Homeopathic Medicine - Homeopathy is an alternative, non-toxic approach used to treat illness and relieve discomfort in a wide range of health conditions. Founded in Germany in the late-1860s, the practice of homeopathy is based on using the “law of similars” to stimulate a healing response — a principle that goes back to the days of Hippocrates. The law of similars states that a substance that will cause disease symptoms in a normal person can, when given in homeopathic dilutions to an ill individual, prompt the same set of symptoms to initiate a healing response. Homeopathic preparations, called remedies, must be prepared in a certain way, and the dilution used will depend on the symptoms being treated. Make sure you consult with your physician before taking traditional and homeopathic remedies at the same time. Mixing medications can result in harmful medical interactions.
A recent study found that hydrotherapy is particularly beneficial for arthritis sufferers. One hundred thirty-nine patients with chronic rheumatoid arthritis were randomly assigned to receive hydrotherapy, seated immersion, land exercise, or progressive relaxation.

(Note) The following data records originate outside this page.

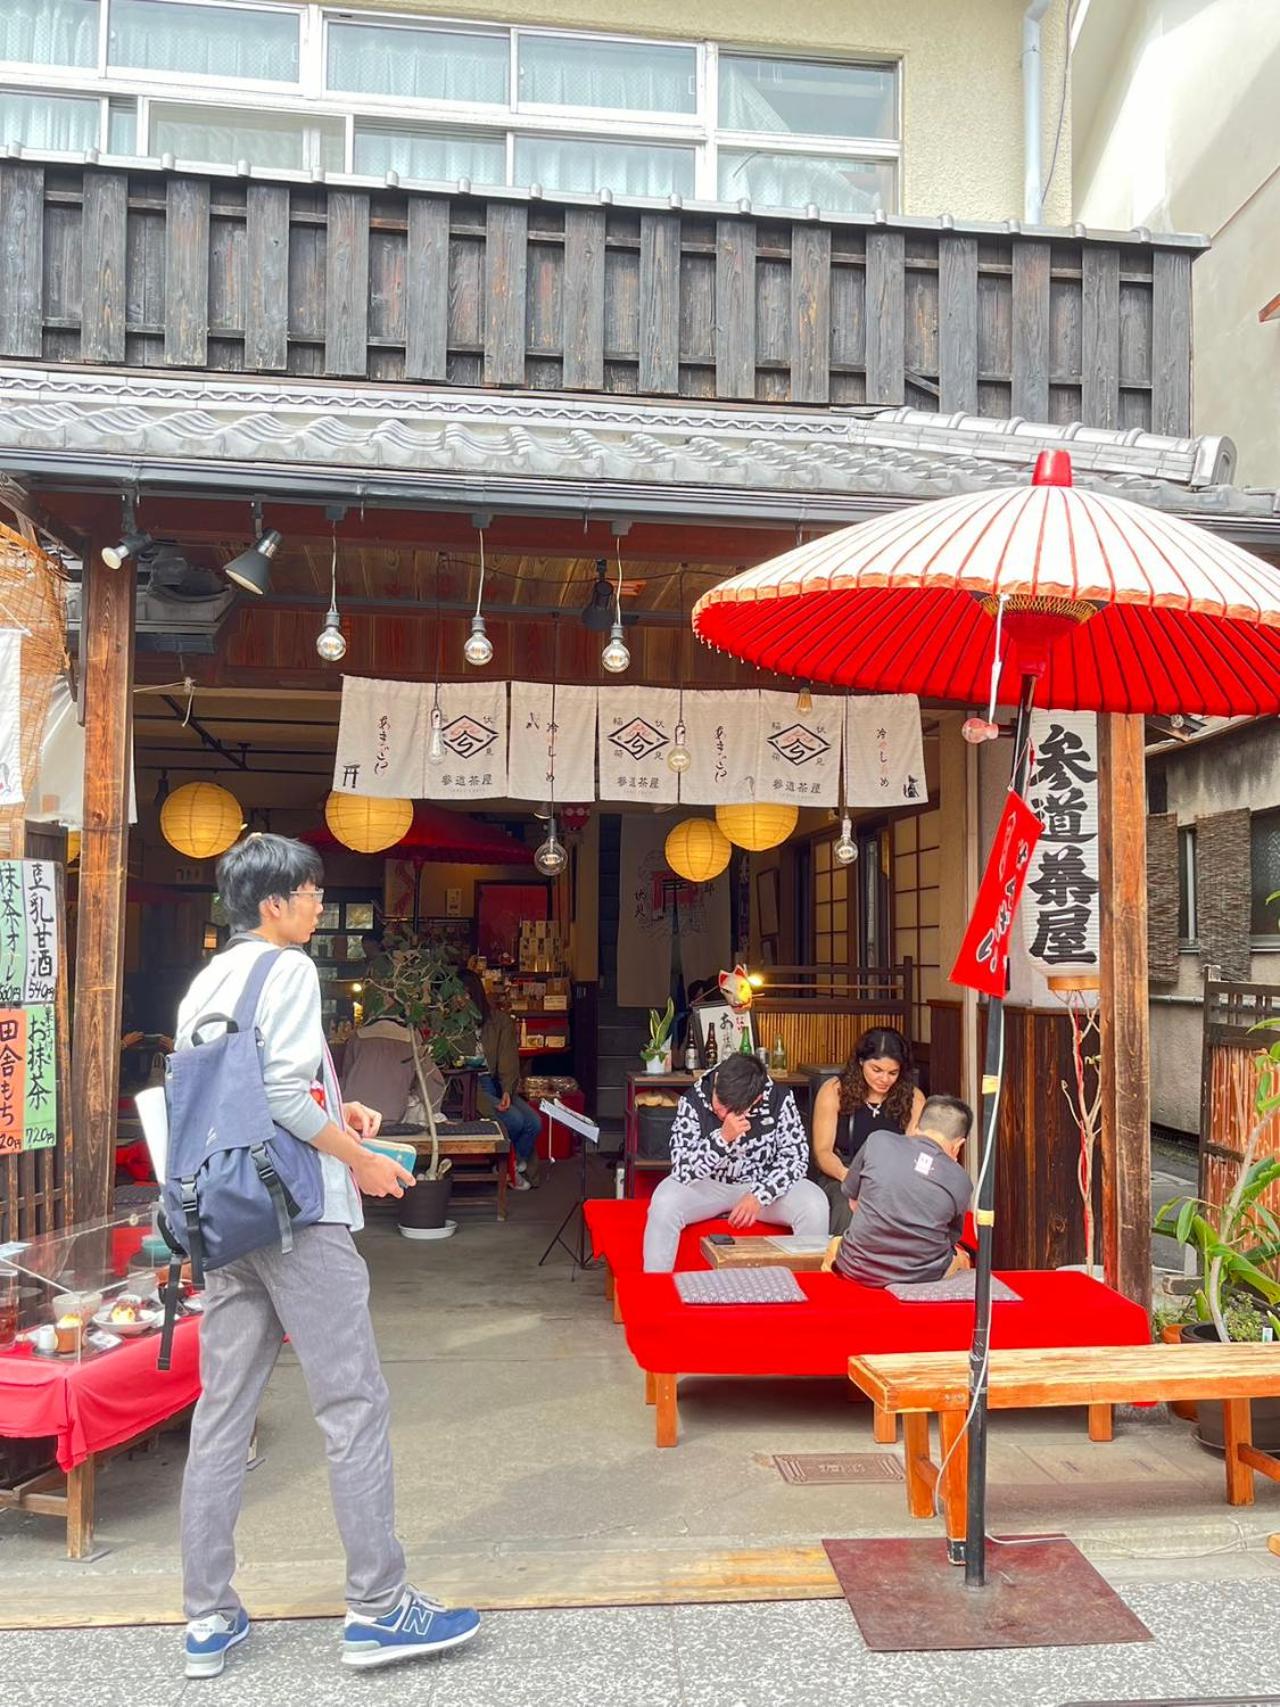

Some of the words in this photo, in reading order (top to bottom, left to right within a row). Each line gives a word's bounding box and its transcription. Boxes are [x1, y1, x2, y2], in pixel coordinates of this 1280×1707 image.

[1029, 723, 1099, 965] 参道茶屋
[28, 863, 54, 977] 豆乳甘酒
[28, 978, 55, 999] 540円
[0, 1019, 22, 1127] 田舎もち
[26, 1014, 51, 1111] お抹茶
[26, 1127, 55, 1145] 720円
[401, 1605, 434, 1637] N
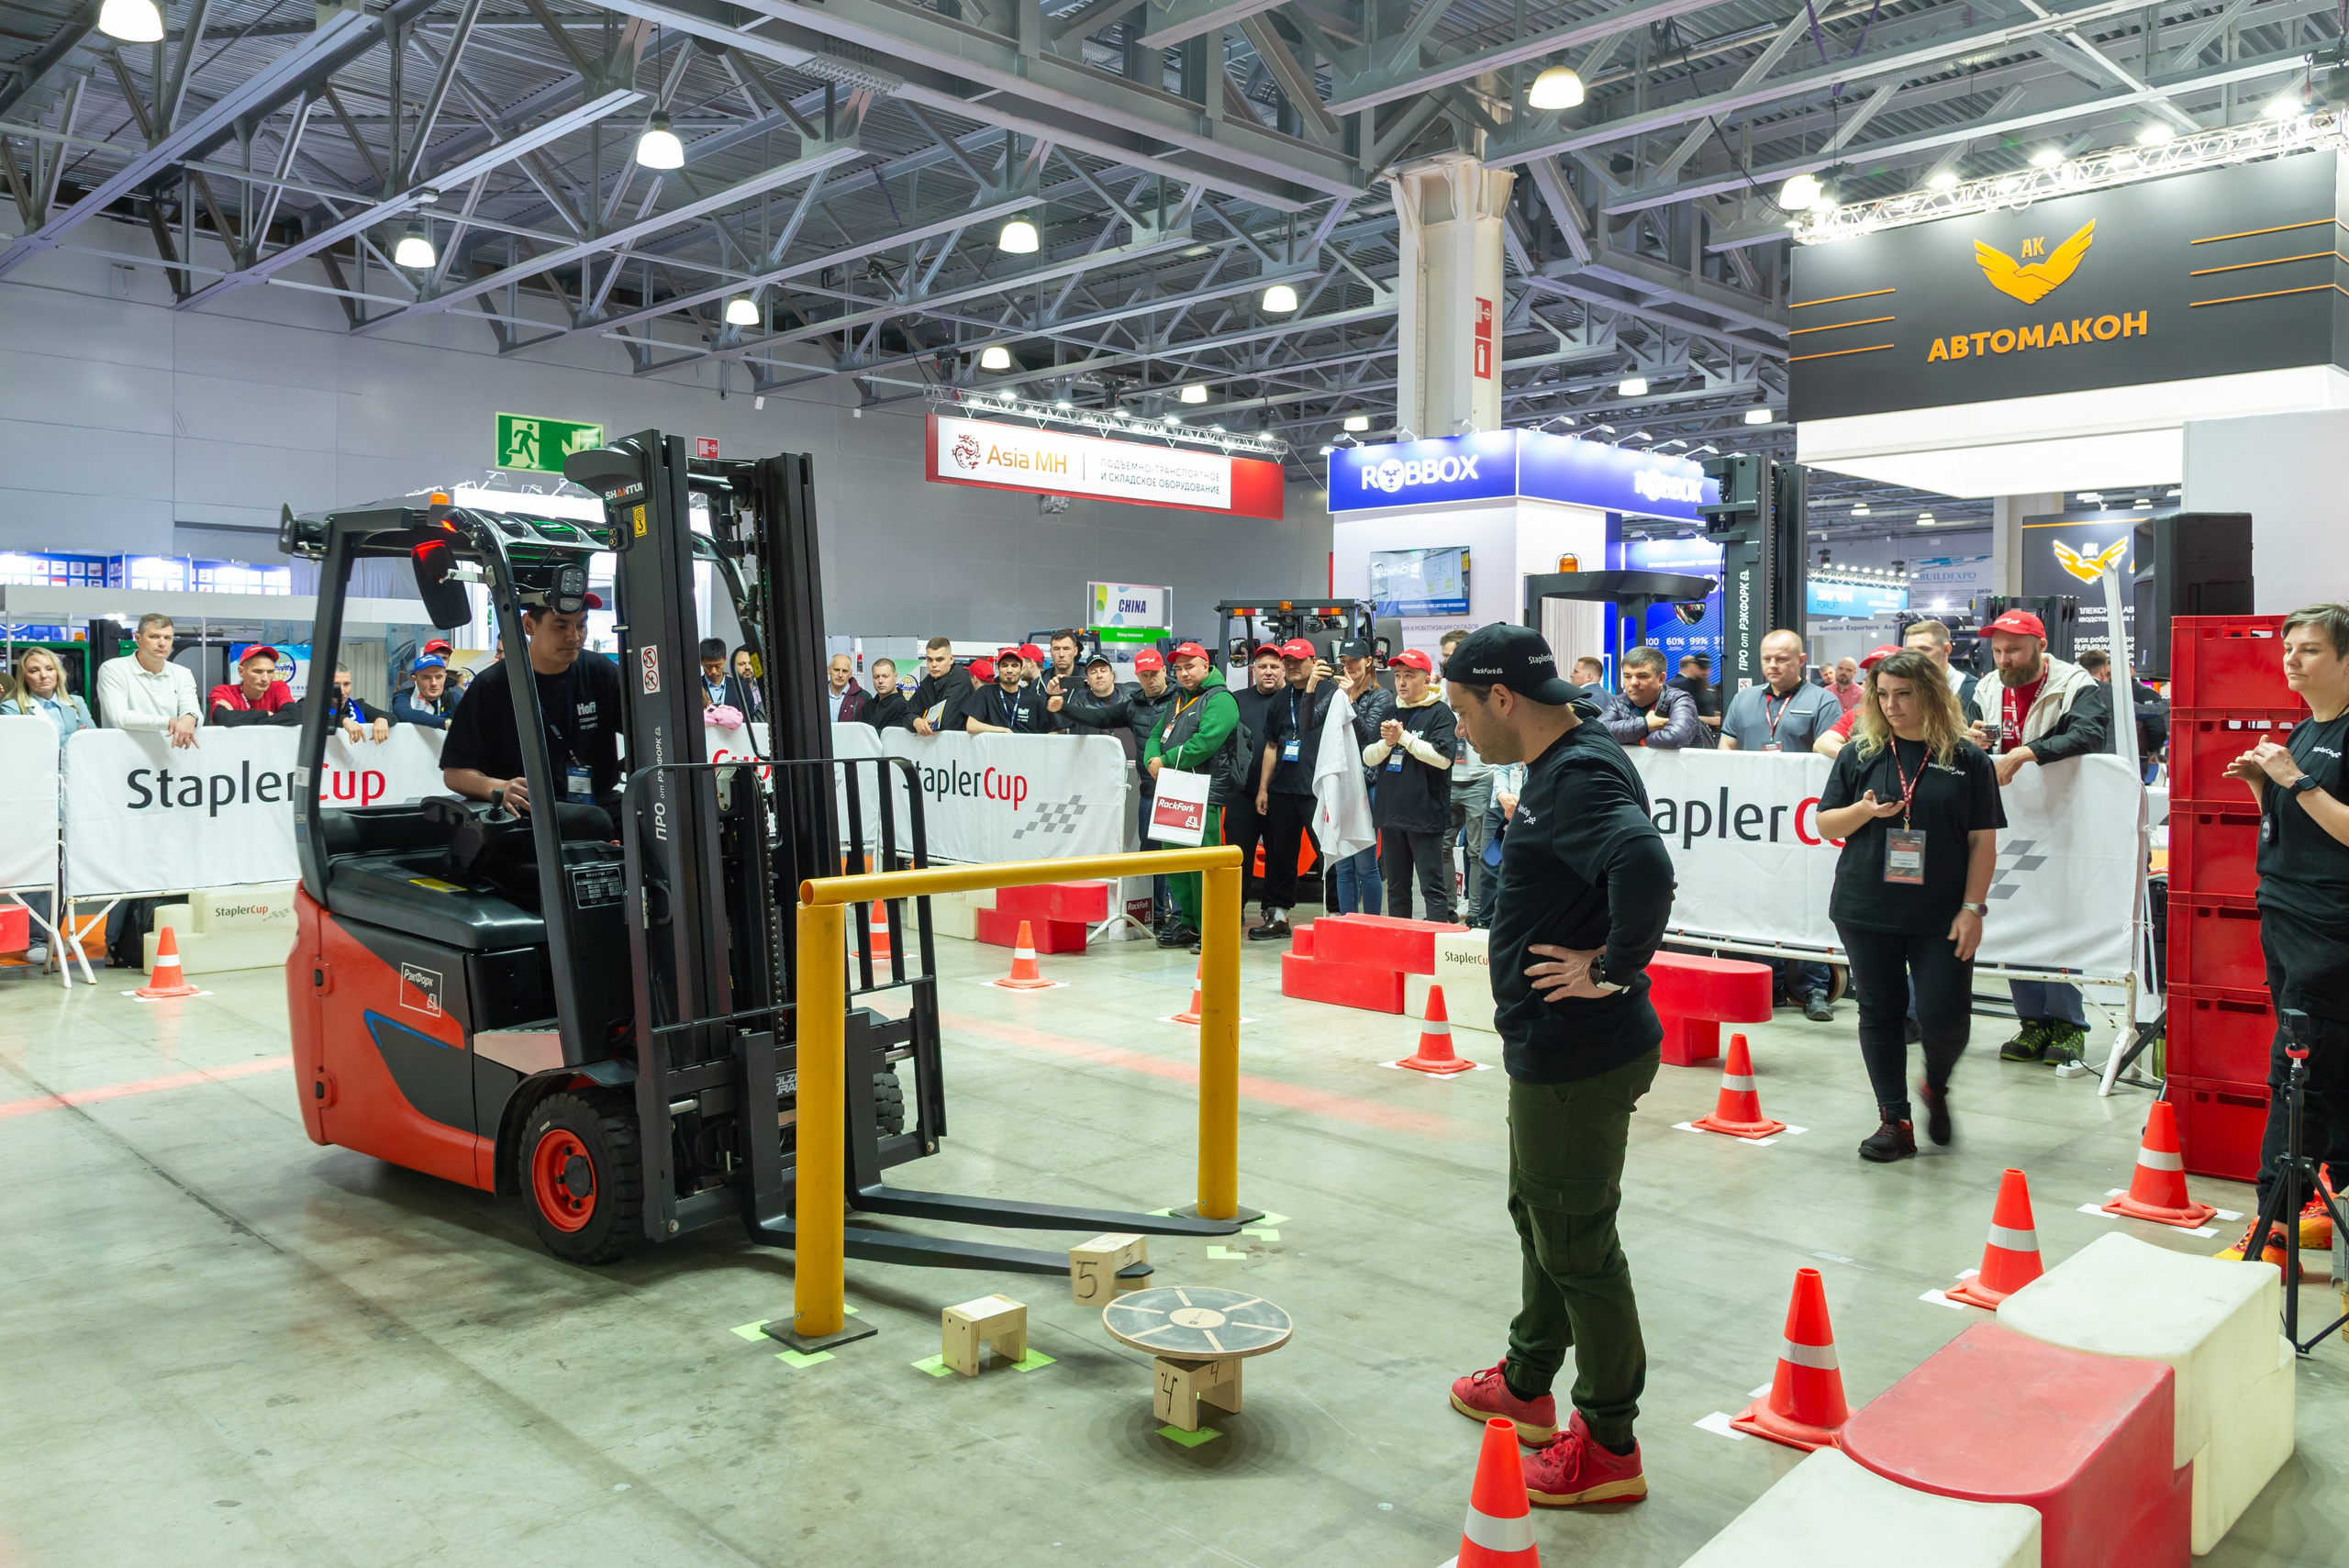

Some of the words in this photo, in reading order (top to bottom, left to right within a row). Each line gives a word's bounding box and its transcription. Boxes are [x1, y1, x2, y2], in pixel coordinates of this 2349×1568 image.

Patients attended 30-minute sessions twice weekly for 4 weeks. Physical and psychological measures were completed before and after intervention, and again at a 3-month follow-up.
The results showed that all patients improved physically and emotionally, as assessed by the Arthritis Impact Measurement Scales 2 questionnaire. The patients' belief that their pain was controlled by chance happenings decreased, signifying not just improvement in their condition but also in their belief to be able to manage their symptoms.
However the data revealed conclusively that the hydrotherapy patients showed significantly greater improvement in joint tenderness and in knee range of movement (women only) than the other patients. And at the follow-up measurement, the hydrotherapy patients maintained the improvement in emotional and psychological state.
The report concluded that although all patients experienced some benefit, "hydrotherapy produced the greatest improvements", and the researchers stated that there is clear evidence of the benefits of hydrotherapy for arthritis sufferers to support the continued use of this therapy as an effective adjunct treatment.
Bee venom is a very old treatment for pain and there are many people today who swear by the analgesic benefits of bee venom. Bee venom therapy is usually provided by a beekeeper or by someone who knows how to manage bees. During the treatment, a bee is removed from a jar or hive with tweezers, held over a specific area of the body, which the bee is provoked to sting. The number, sites, and frequency of the stings depend on the patient and the medical condition. A chronic problem like arthritis can involve 2-3 sessions per week, several stings at a time, for 1-3 months.
Research Study: Moving away from the hive and into the laboratory, cell lines from rats, mice and men were used to investigate the action of bee venom at the molecular level. It was found that melittin, the principal peptide in bee venom, actually blocks the expression of inflammatory genes that can cause the painful tissue swelling in rheumatoid arthritis.